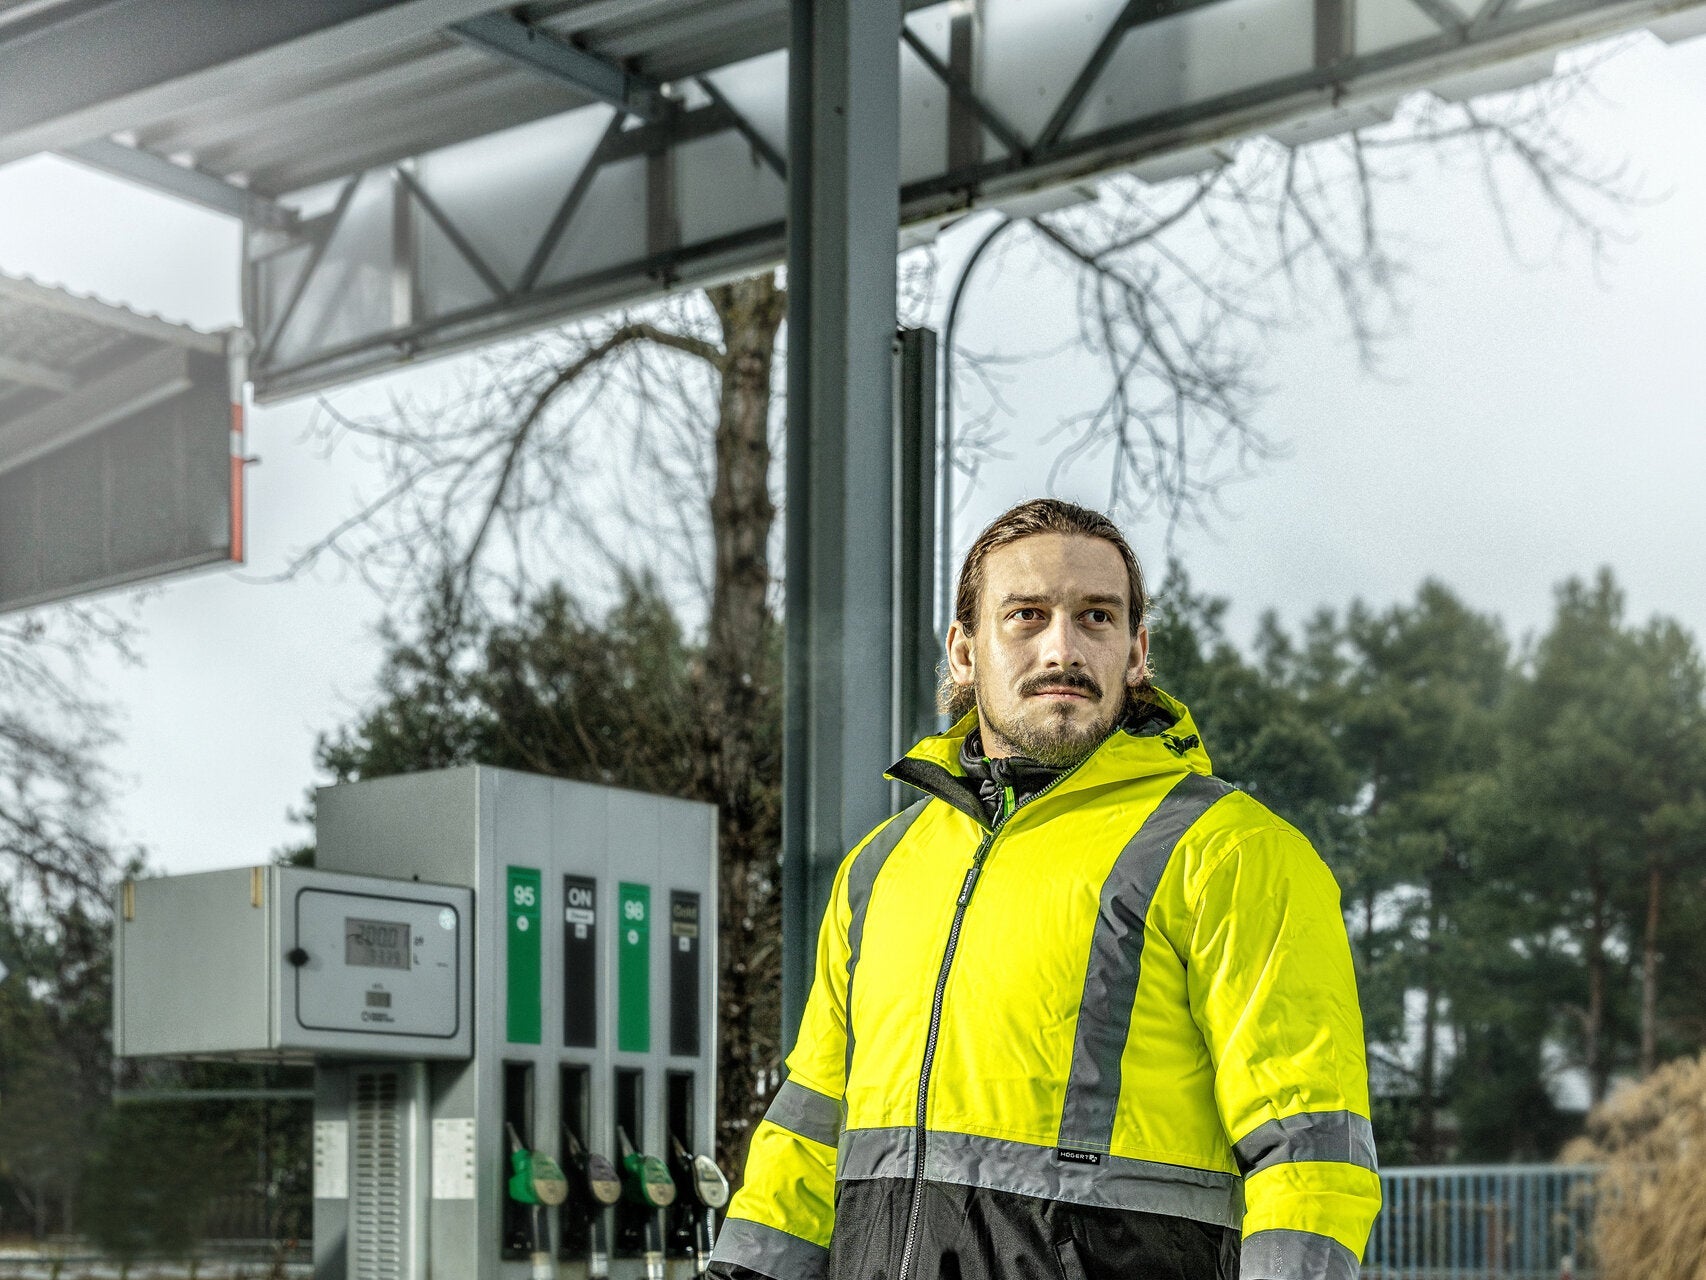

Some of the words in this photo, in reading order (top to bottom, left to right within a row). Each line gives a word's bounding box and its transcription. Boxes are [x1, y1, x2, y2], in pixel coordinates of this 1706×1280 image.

[513, 885, 535, 907] 95
[568, 887, 592, 907] ON
[624, 900, 644, 921] 98
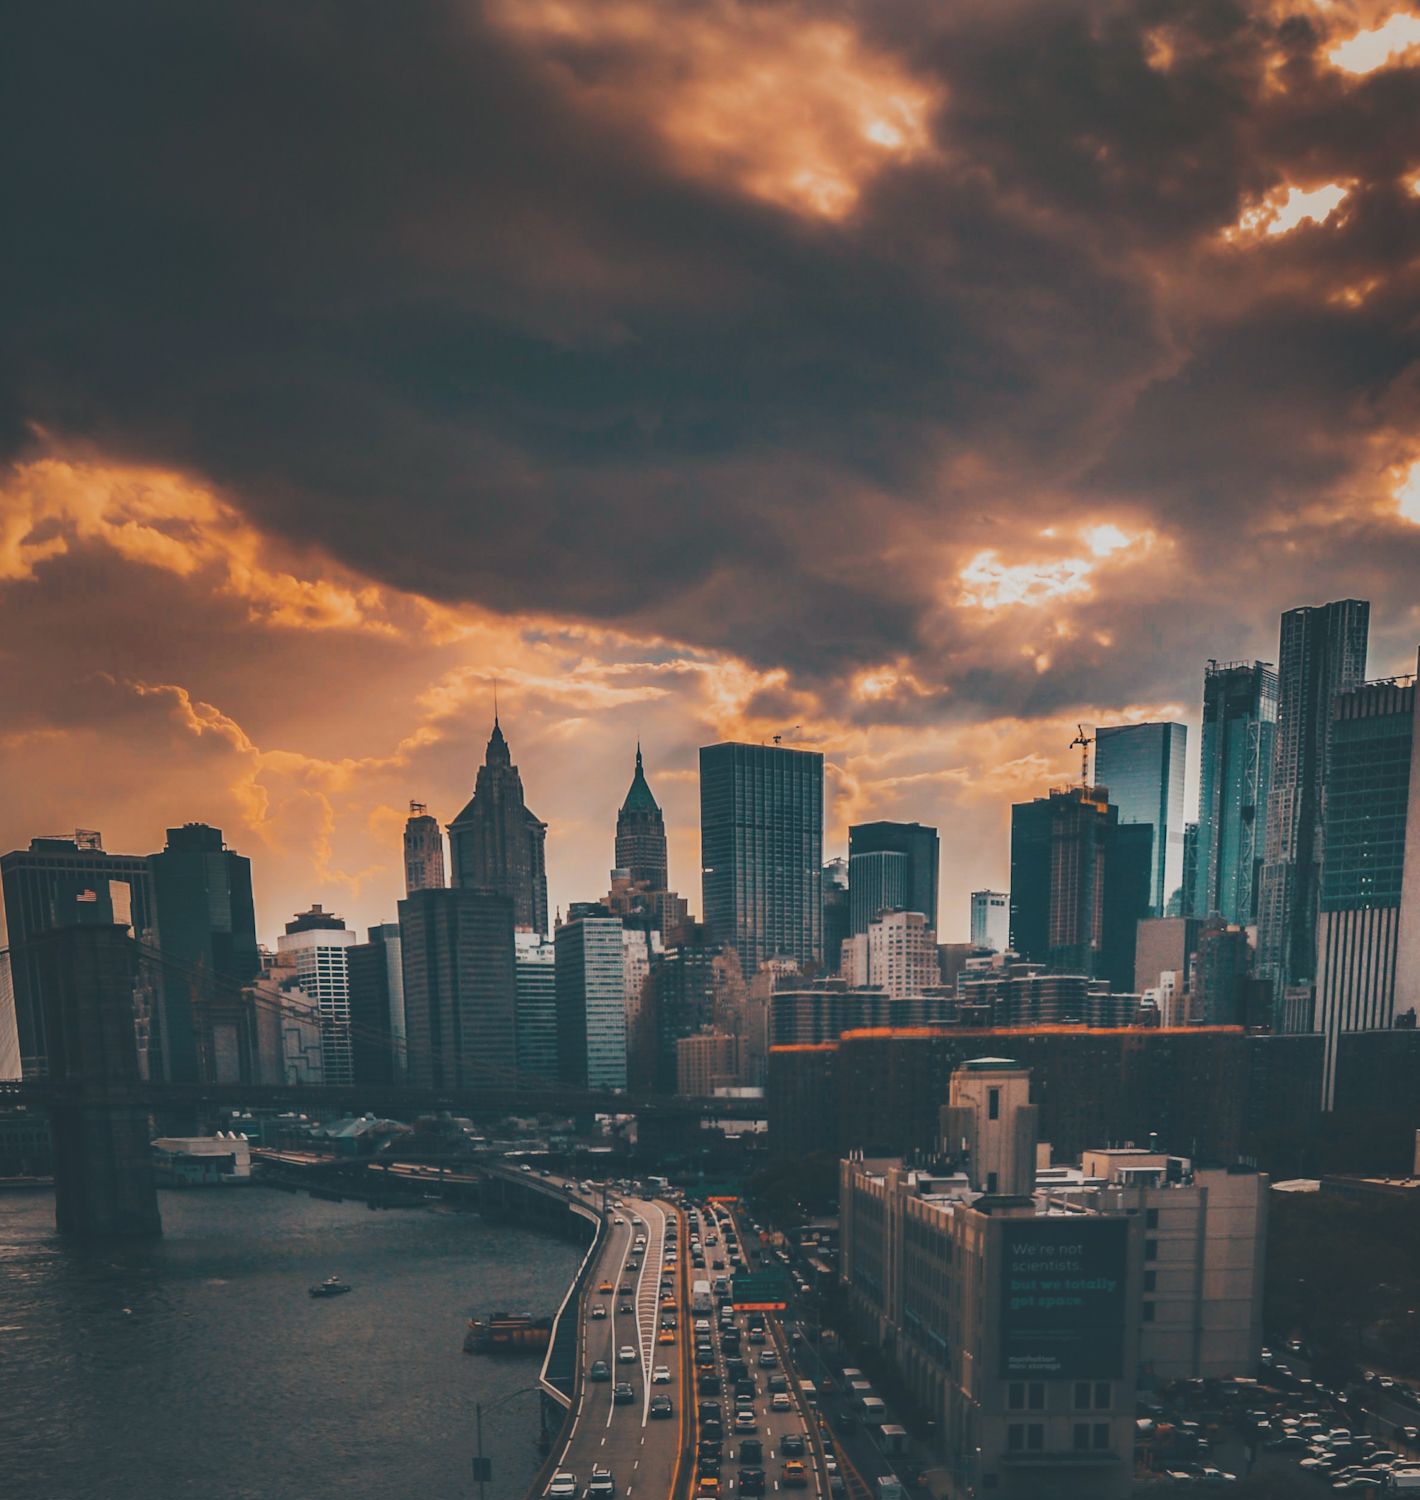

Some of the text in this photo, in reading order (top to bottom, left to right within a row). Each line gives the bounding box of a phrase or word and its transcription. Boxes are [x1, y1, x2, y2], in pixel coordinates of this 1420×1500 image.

------------------------------------------------------------

» **ASSIGNED TASK**: Write out the whole of the data exactly; the pictures stay out.

» **SOLUTION**:
Some of the words in this photo, in reading order (top to bottom, left to right within a row). Each line gives a word's bounding box and its transcription. Boxes are [x1, y1, x2, y2], in pixel coordinates of this 1706×1280 image.

[513, 885, 535, 907] 95
[568, 887, 592, 907] ON
[624, 900, 644, 921] 98

Some of the text in this photo, in reading order (top to bottom, left to right within a row). Each line gives the bounding box of a phrase or word and its transcription. Boxes are [x1, y1, x2, y2], in pixel coordinates of this 1420×1500 image.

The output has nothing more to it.